You're cooking food; just make nice food!*
When did jelly become so fancy anyway?
"I think Glaswegians’s can’t be bothered with the wank; they see it through it and don’t want to spend money on it.”
Couldn’t have put it better myself, Rosie Healey, head chef and co-owner at new restaurant Alchemilla in Glasgow, as she references her locals' rebuttal of posh jellies and foams. Traditional fine dining doesn’t resonate culturally in Glasgow says Rosie and so she set up her own restaurant (ex-Ottolenghi’s in London), on her own terms. A place where she offers honest mediterranean inspired food that’s worth paying for. The menu changes daily according to what is going to taste the best (i.e it’s in season because the Lady really in charge, Mother Nature herself has made it available. Alchemilla also serves natural wines (meaning nothing is added, or that there is very low celllar intervention). Another step to help further the no nonsense buzz while simultaneously supporting small, artisan winemakers that create this 'wilder' tasting vino.
Chefs as we know them (or should I say, those that are given most air time) are generally male with a fairly aggressive stage presence - think of the macho, belligerent Marco Pierre White and Gordon ‘women can’t cook to save their lives’ Ramsay, or the less power heavy but still none the less, male - the late Antonio Carluccio, Jamie Oliver, Michel Roux, Rick Stein, Heston Blumenthal, Giorgio Locatelli, Tom Kerridge, Gino D’acampo or who are male but who are hilarious and just cannot stop drinking red wine Keith Floyd (HIYOS loved you dearly). An odd representation isn’t it given that it was traditional for ‘er indoors to be chained to the oven or waiting for him to come home so she could eat her own dinner (until the clever BT ad men helped her to stand up for herself - “dinner’s in the dog, dah-ling”. Or as the saying goes, having a child hanging off her ‘apron strings.’ It’s slightly horrifying to think that back in the 50’s adverts like this were acceptable.
Are both knees on the floor darling? I might not be able to digest my breakfast if they're not....

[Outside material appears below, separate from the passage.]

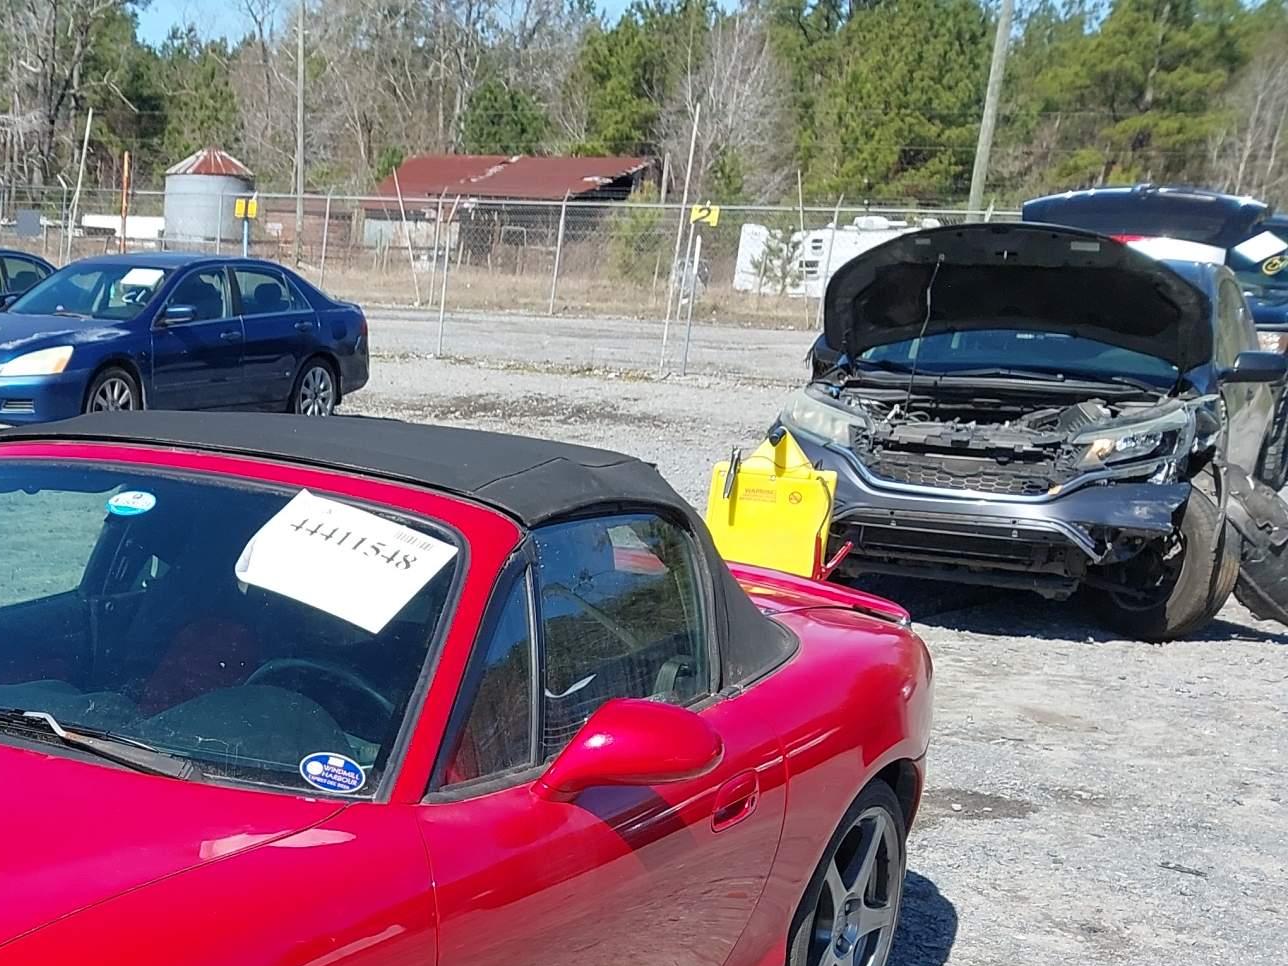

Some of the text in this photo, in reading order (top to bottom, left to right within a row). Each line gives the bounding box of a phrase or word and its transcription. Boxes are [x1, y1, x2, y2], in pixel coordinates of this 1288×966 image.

[692, 207, 712, 224] 2
[290, 518, 418, 570] 44411548
[321, 771, 358, 787] HARBOUR
[323, 764, 361, 780] WINDMILL

How many female leading chefs can you namecheck that have or had their own (usually short-lived) show? A few, yes, Mary Berry, Rachel Khoo, Lorraine Pascale, Rachel Allen and more recently the brilliant Nadiya Hussain but I’d hazard a guess you could not name as many female chefs as male. The thing is there’s been women in the background cooking all along - often (but not always) being shouted at, controlled, or stopped in their tracks from promotion by shouty power hungry males throwing their weight and loose sexist tongues around the kitchen. And in so doing, creating a hostile environment where actually it’s easier to choose sticking to chopping the veggies than face humiliation or the sack. Let the power hungry guys take the glory of cooking up what you’ve spent all day chopping. The new wave of women chefs are cutting all that nonsense out, advocating a strictly non-hierarchical kitchen with a focus instead on going somewhere ‘nice to work.’ As the title suggests, the common denominator is the desire to want to cook and serve nice food - not channeling energy into innane kitchen politics that don't matter.

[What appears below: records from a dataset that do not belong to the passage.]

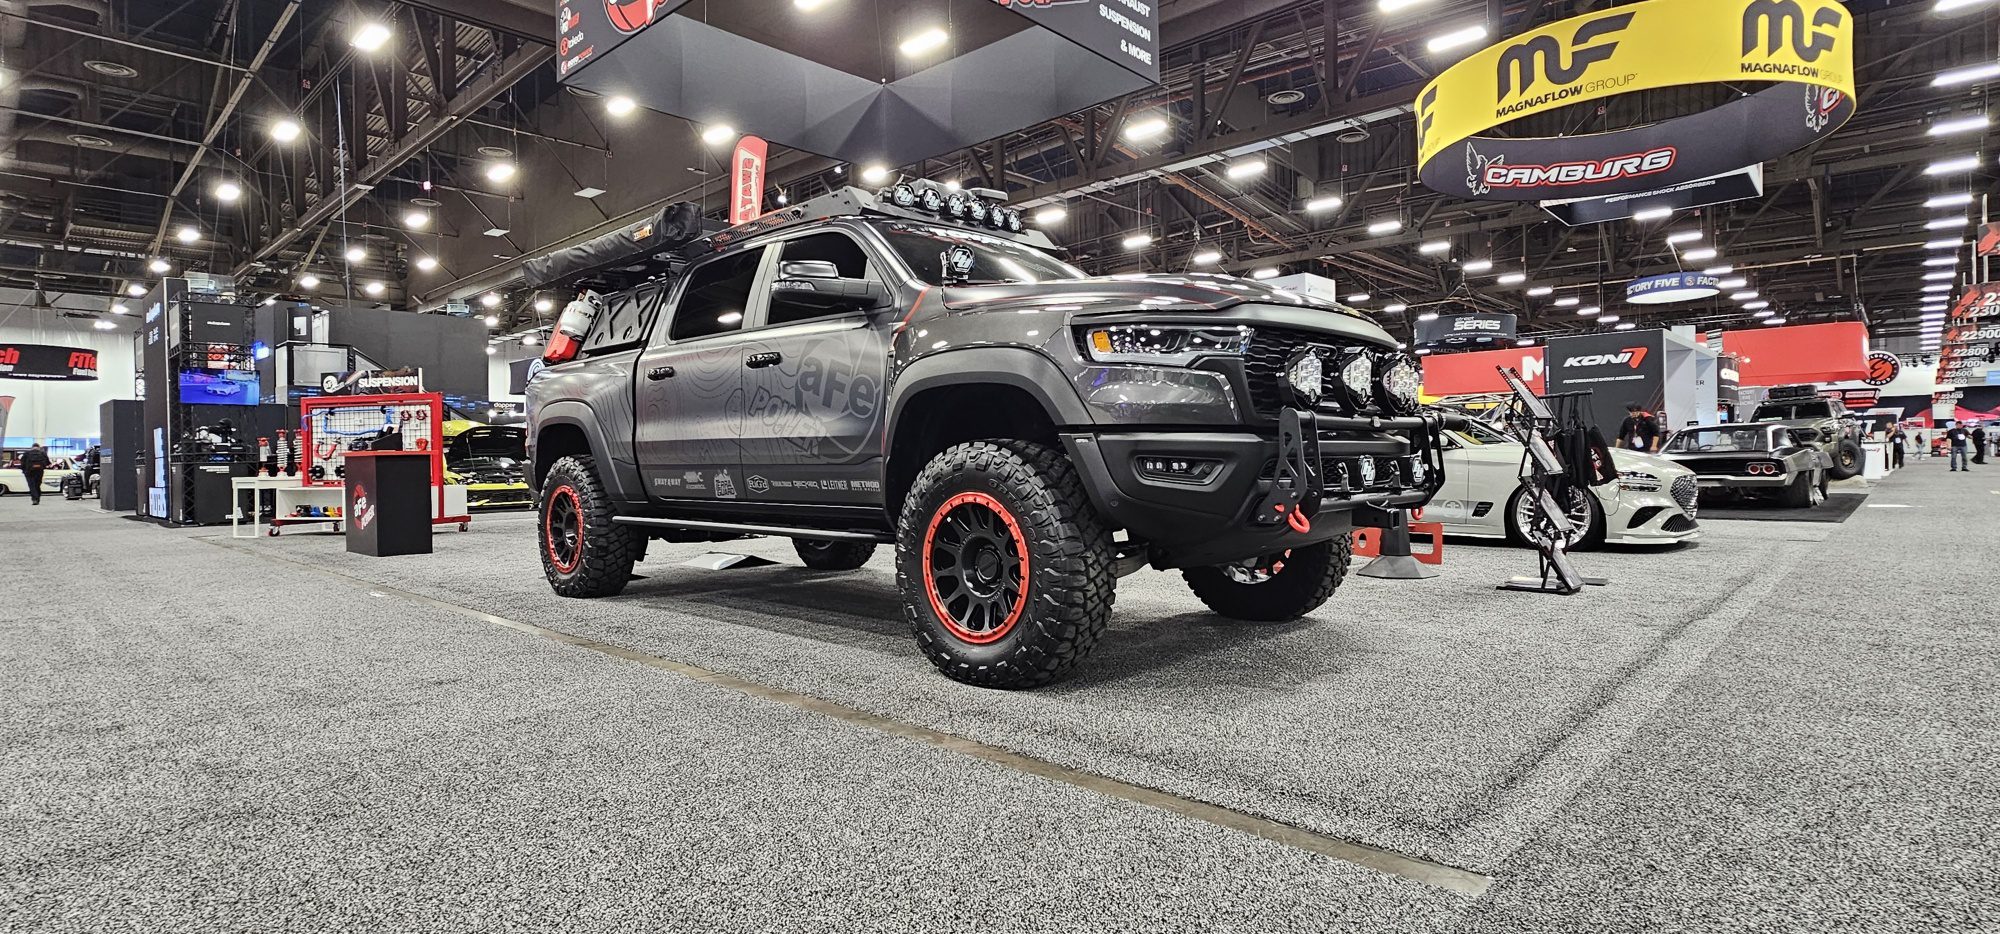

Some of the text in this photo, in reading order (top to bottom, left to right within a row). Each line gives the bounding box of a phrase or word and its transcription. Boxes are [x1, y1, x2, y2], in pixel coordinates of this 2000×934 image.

[1099, 4, 1151, 41] SUSPENSION
[1120, 39, 1152, 65] & MORE
[1740, 63, 1819, 78] MAGNAFLOW
[1495, 73, 1638, 119] MAGNAFLOW GROUP
[1486, 149, 1673, 186] CAMBURG
[1605, 180, 1716, 204] PERFORMANCE SHOCK ABSORBERS
[1654, 277, 1680, 289] FIVE
[1453, 320, 1501, 331] SERIES
[1563, 351, 1634, 368] KONI
[1953, 347, 1989, 357] 22800
[1949, 360, 1980, 369] 22700
[358, 376, 418, 388] SUSPENSION
[801, 355, 875, 417] aFe
[850, 480, 880, 488] METHOD

On closer inspection, these women have been doing it for some time now. They just didn’t get the privilege (if you can call it that), of exposure to make it into common household parlance, (maybe it’s the TV executives and newspaper editor’s we need to be talking to). Think of the perambulatory and quirky Two Fat Ladies (yes maybe we really do need to talk to the TV people), the late Jennifer Paterson and Clarissa Dickson Wright who kicked off proceedings in 1996. And the wonderful River Cafe founders, Ruth Rogers and the late Rose Gray who took the very brave step of serving delicious, no fuss food out of a scenic cafe in London’s Hammersmith. That was back in 1987 when the food scene was in a definitive ‘I am not worthy’ Gallic shadow. But that ‘caf’ is now considered to be one of the firmest culinary cornerstones in the UK and still doing a roaring trade 31 years later. Ladies, what a total humdinger.

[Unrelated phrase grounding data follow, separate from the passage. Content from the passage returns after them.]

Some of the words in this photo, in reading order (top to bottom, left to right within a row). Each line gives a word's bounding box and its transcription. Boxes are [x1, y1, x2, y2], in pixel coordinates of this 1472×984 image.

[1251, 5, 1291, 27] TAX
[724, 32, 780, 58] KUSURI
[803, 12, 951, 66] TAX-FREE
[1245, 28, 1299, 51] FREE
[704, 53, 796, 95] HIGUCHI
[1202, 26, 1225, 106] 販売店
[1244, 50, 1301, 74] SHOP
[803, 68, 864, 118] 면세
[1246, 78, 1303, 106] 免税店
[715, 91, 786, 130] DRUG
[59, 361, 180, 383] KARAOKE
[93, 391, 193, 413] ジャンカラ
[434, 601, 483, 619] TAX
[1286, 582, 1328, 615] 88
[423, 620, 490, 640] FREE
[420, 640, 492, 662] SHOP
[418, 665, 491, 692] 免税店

The change is visible beyond the hipster capital of Glasgow (Finnieston) where Rosie and other purveyors of delicious food have set up eateries (The Gannet, Ox and Finch, the Kelvingrove cafe). More very talented female chefs are being afforded the exposure they so deserve. Clare Smyth, owner and head chef of Core in Notting Hill is the first and only female chef to run a restaurant with three Michelin-stars in the UK - oh and did I mention she was also chosen from a long list to be the wedding caterer at Harry and Meghan’s wedding. Skye Gyngell at Spring, Angela Harnett at MURANO, Monica Galletti at Mere. The ladies have stepped out of the kitchen back benches and the revolution is finally underway.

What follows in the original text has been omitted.